Available data:

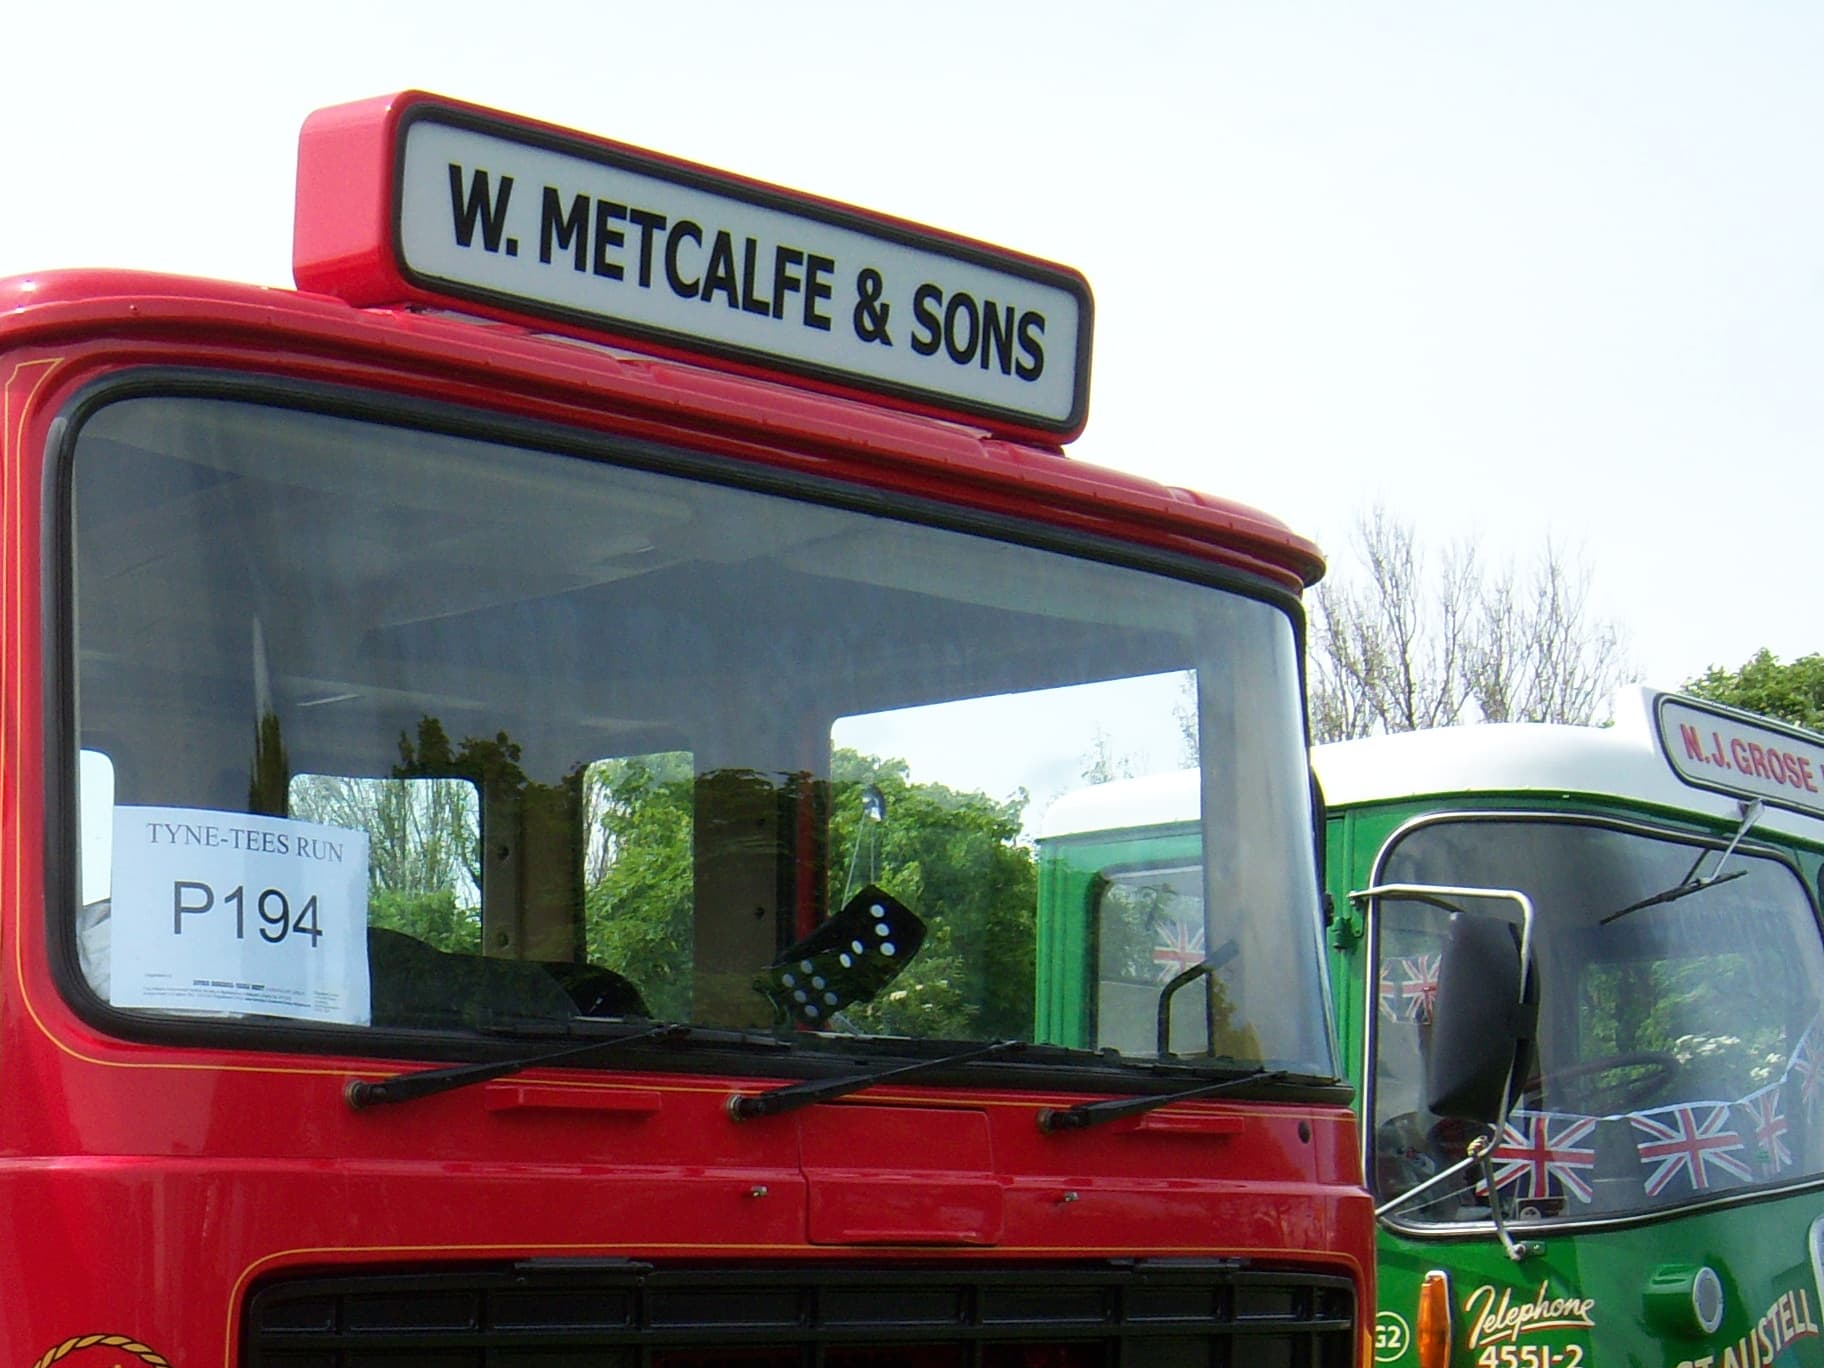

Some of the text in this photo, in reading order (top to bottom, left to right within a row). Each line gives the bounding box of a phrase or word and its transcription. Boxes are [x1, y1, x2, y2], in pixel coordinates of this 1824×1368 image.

[447, 163, 1047, 383] W. METCALFE & SONS
[146, 822, 344, 863] TYNE-TEES RUN
[173, 880, 324, 948] P194
[1464, 1280, 1597, 1350] Telephone

Problem requirements: Please repeat every record exactly as it stands, leaving out any pictures.

Expected answer:
Some of the text in this photo, in reading order (top to bottom, left to right within a row). Each line gives the bounding box of a phrase or word and its transcription. Boxes are [x1, y1, x2, y2], in pixel coordinates of this 1824×1368 image.

[447, 163, 1047, 383] W. METCALFE & SONS
[146, 822, 344, 863] TYNE-TEES RUN
[173, 880, 324, 948] P194
[1464, 1280, 1597, 1350] Telephone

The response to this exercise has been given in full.